Mixed Strategy Nash Equilibrium (MNE)
An equilibrium where players randomize over their available strategies, making their opponents indifferent between their own choices.
Sequential Games
Games where one player moves first and later players observe earlier moves before deciding; this often involves a first-mover advantage.
Industrial Organisation (IO)
The study of how market structure affects firm behaviors and economic outcomes.
Oligopoly
A market structure dominated by a few firms with high barriers to entry, where firms are interdependent and must consider rivals' strategic reactions.
Cournot Competition
A model named after Antoine Cournot where firms simultaneously choose quantities and take their rivals' quantities as given when deciding.
Bertrand Competition
A model named after Joseph Bertrand where firms simultaneously choose prices and consumers buy from the cheapest firm.
Bertrand Paradox
The result in price competition with identical products where even with only two firms, the price is driven down to marginal cost (P=MC), identical to perfect competition.
Stackelberg Competition
A model of sequential quantity competition where a leader firm chooses its quantity first, and a follower firm chooses its quantity after observing the leader's move.
Collusion
When firms coordinate to act like a joint monopoly to divide the market or fix prices, though it is often unstable due to the individual incentive to cheat.
Tacit Collusion
Coordination between firms without explicit agreements, such as following a dominant firm's prices or matching rivals' moves.
Payoff Matrix
A table that shows the payoffs for each player based on their strategies in a game; it helps illustrate the outcomes of different strategy combinations.
Dominated Strategy
A strategy that results in a worse payoff than another strategy, regardless of what the other players do; rational players will not choose dominated strategies.
Best Response
The strategy that yields the highest payoff for a player, given the strategies chosen by other players.
Zero-Sum Game
A situation in game theory where one player's gain is exactly balanced by the losses of other players; the total payoff remains constant.
Mixed Strategy
A strategy that involves randomizing over two or more different strategies to keep opponents uncertain and potentially improve outcomes.
Imperfect Information
A situation in games where players do not have complete knowledge of the other players' actions or payoffs; this uncertainty impacts strategy.

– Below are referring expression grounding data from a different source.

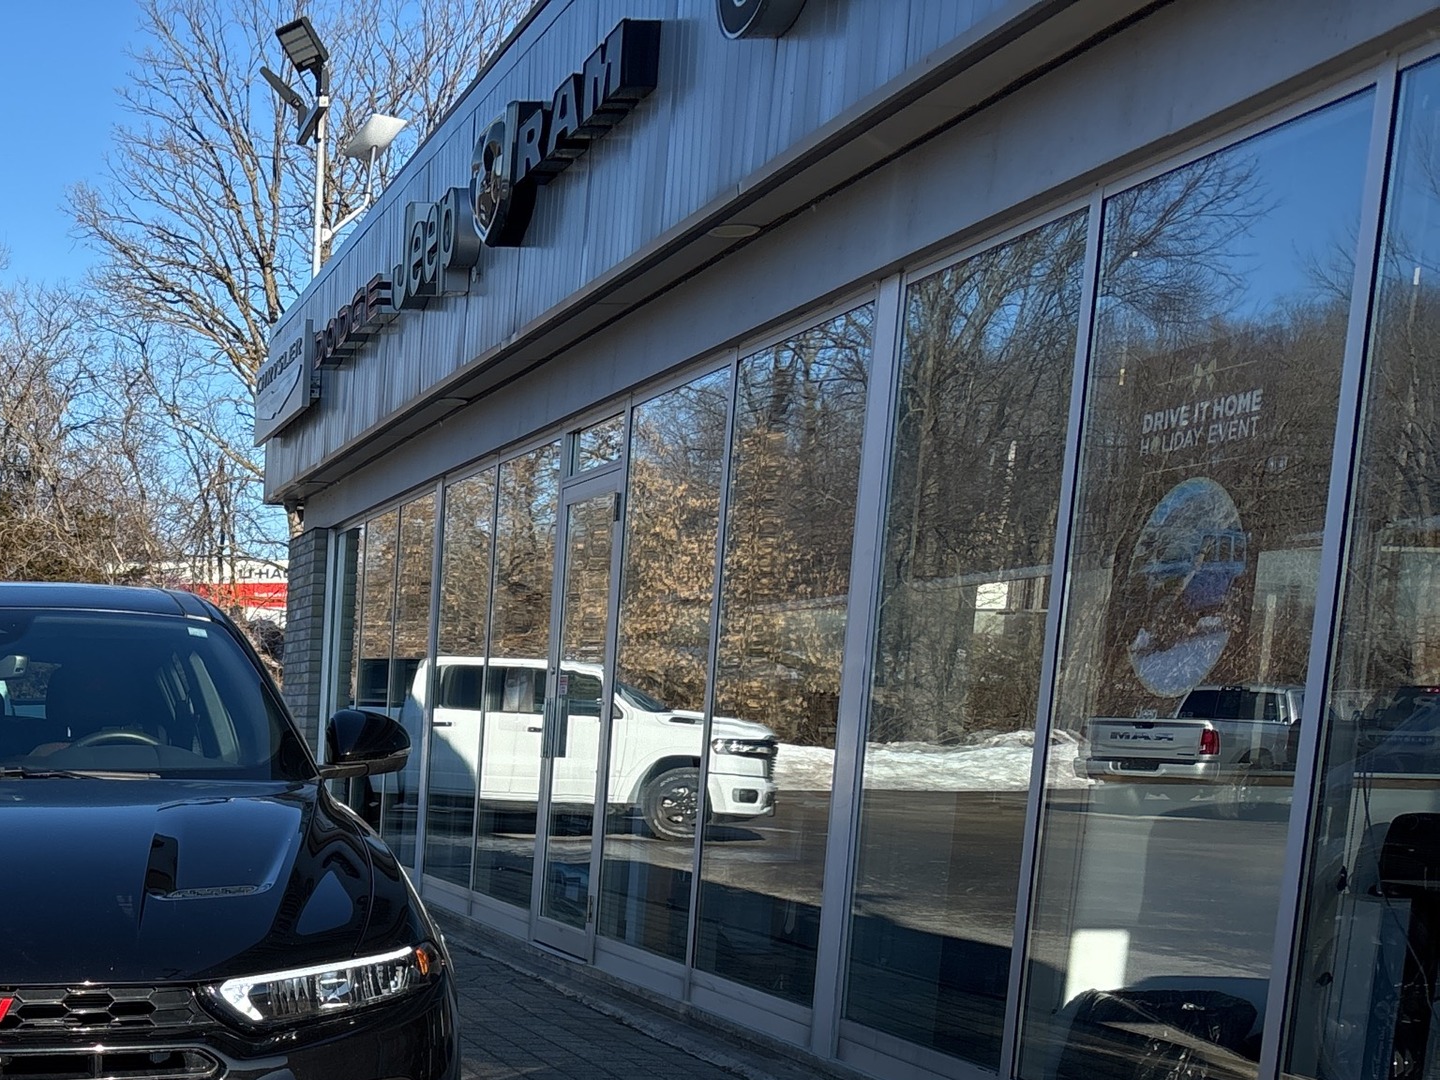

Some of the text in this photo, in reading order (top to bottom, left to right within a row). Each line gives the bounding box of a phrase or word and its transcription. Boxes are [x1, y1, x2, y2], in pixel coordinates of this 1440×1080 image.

[516, 19, 625, 184] RAM
[392, 187, 456, 311] Jeep
[314, 274, 391, 370] DODGE
[256, 337, 303, 396] CHRYSLER
[1139, 415, 1261, 457] HOLIDAY EVENT
[1142, 388, 1264, 434] DRIVE IT HOME
[240, 568, 288, 579] U-HA
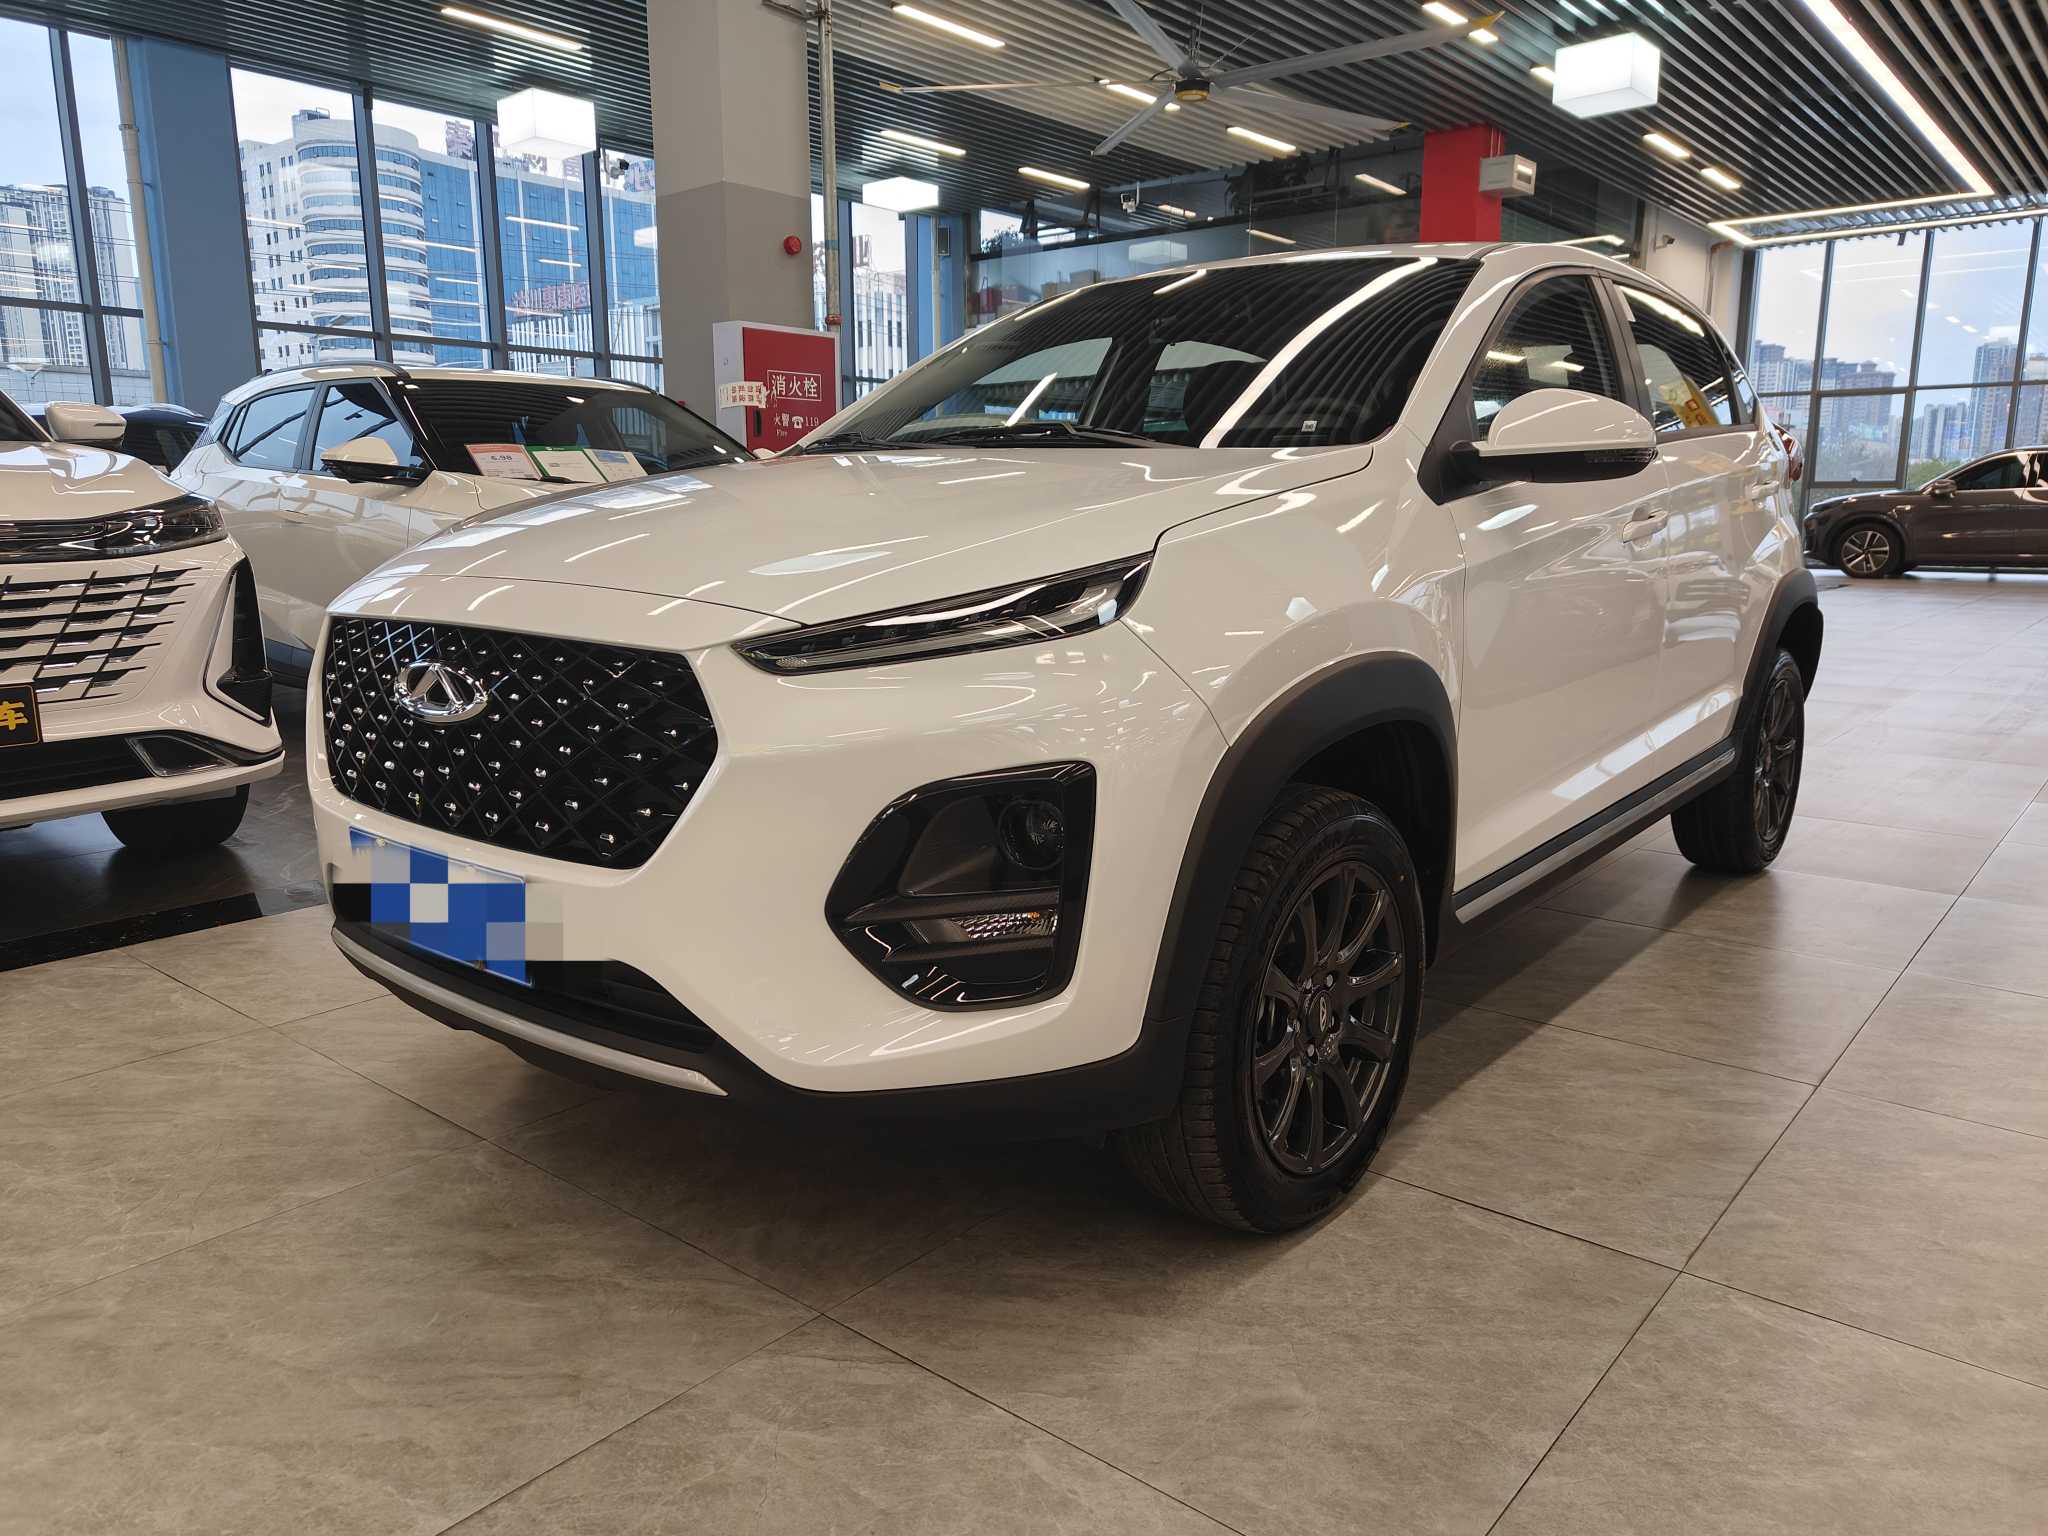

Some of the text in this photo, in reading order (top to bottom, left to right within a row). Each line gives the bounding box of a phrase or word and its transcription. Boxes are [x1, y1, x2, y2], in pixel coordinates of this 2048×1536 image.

[771, 374, 818, 398] 消火栓
[773, 412, 819, 427] 火警 119
[0, 701, 28, 730] 车
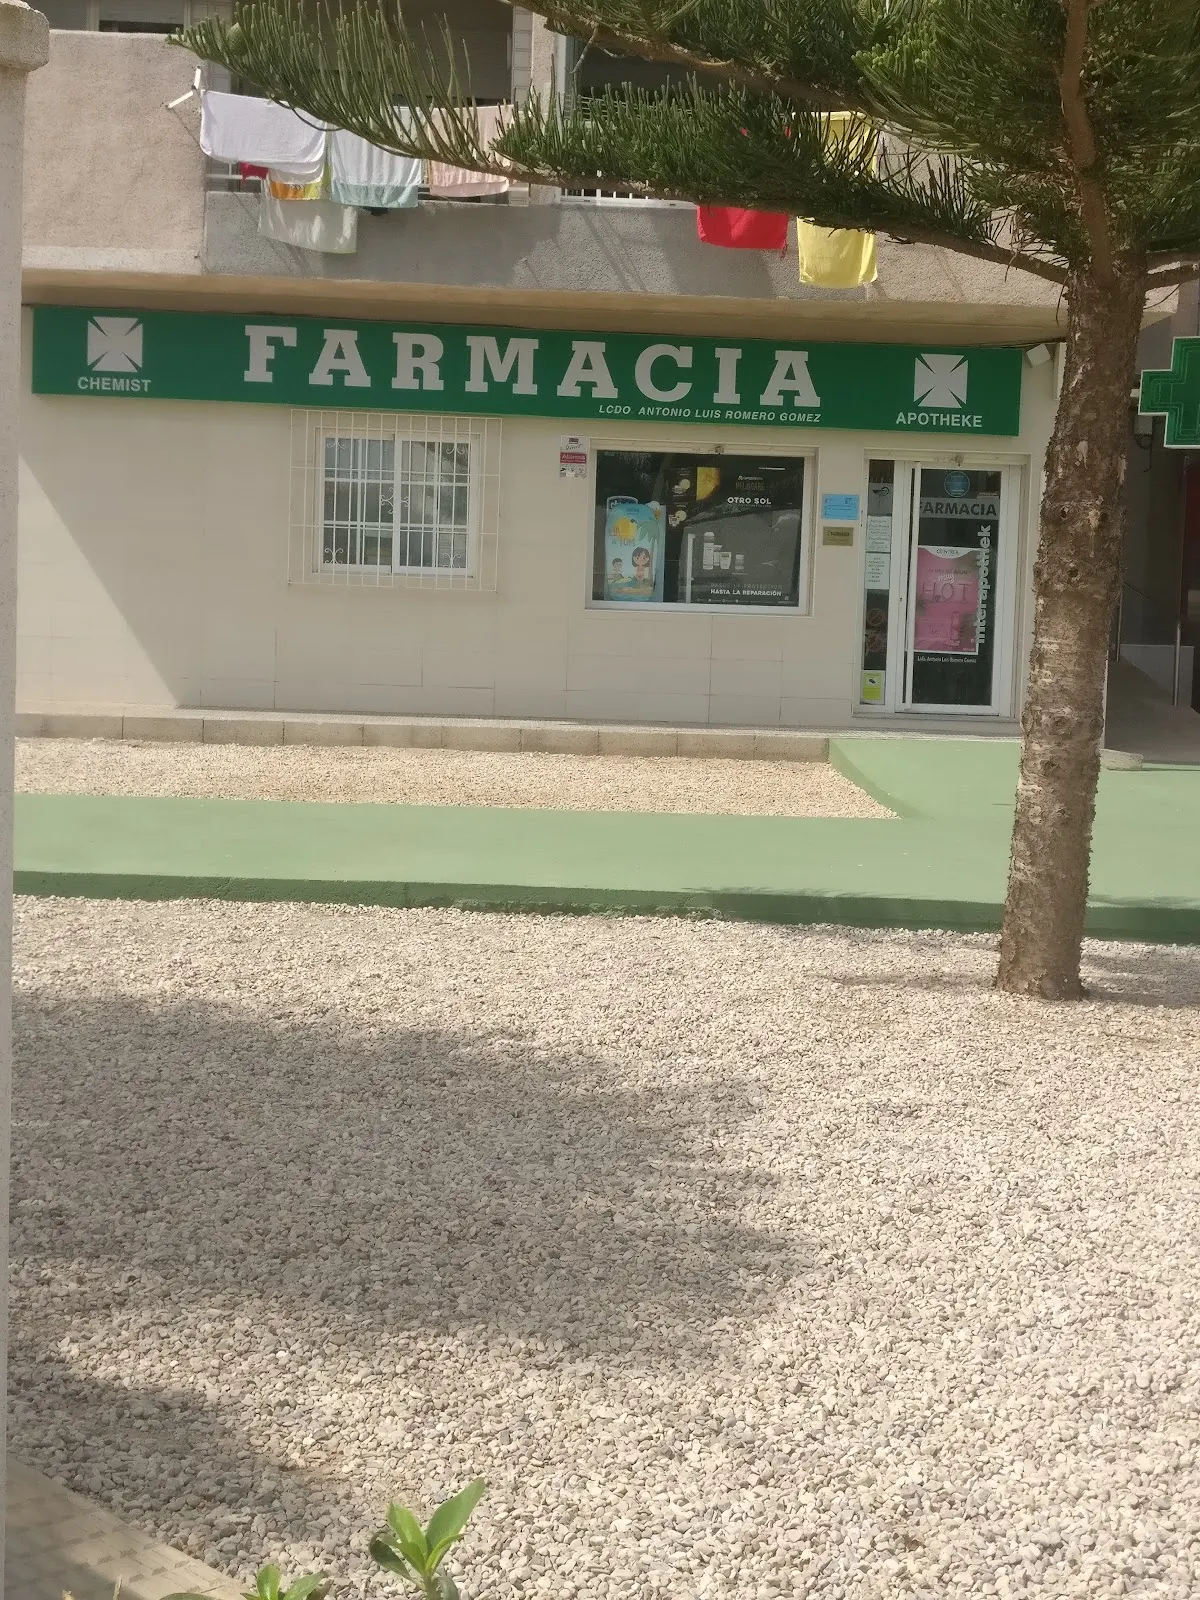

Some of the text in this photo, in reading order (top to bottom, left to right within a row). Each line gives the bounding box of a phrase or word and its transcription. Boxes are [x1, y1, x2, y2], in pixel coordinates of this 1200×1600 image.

Subgame Perfect Equilibrium
A refinement of Nash Equilibrium applied in dynamic games, ensuring that players' strategies constitute a Nash Equilibrium in every subgame.
Backward Induction
A method used in game theory to solve sequential games by reasoning backwards from the end of the game to determine optimal strategies.
Reputation Effects
The impact of a player’s past decisions on their future interactions; establishing a good reputation can influence other players' strategies.
Cooperative Game
A game where players can form coalitions and agree on strategies or payoffs, often leading to mutually beneficial outcomes.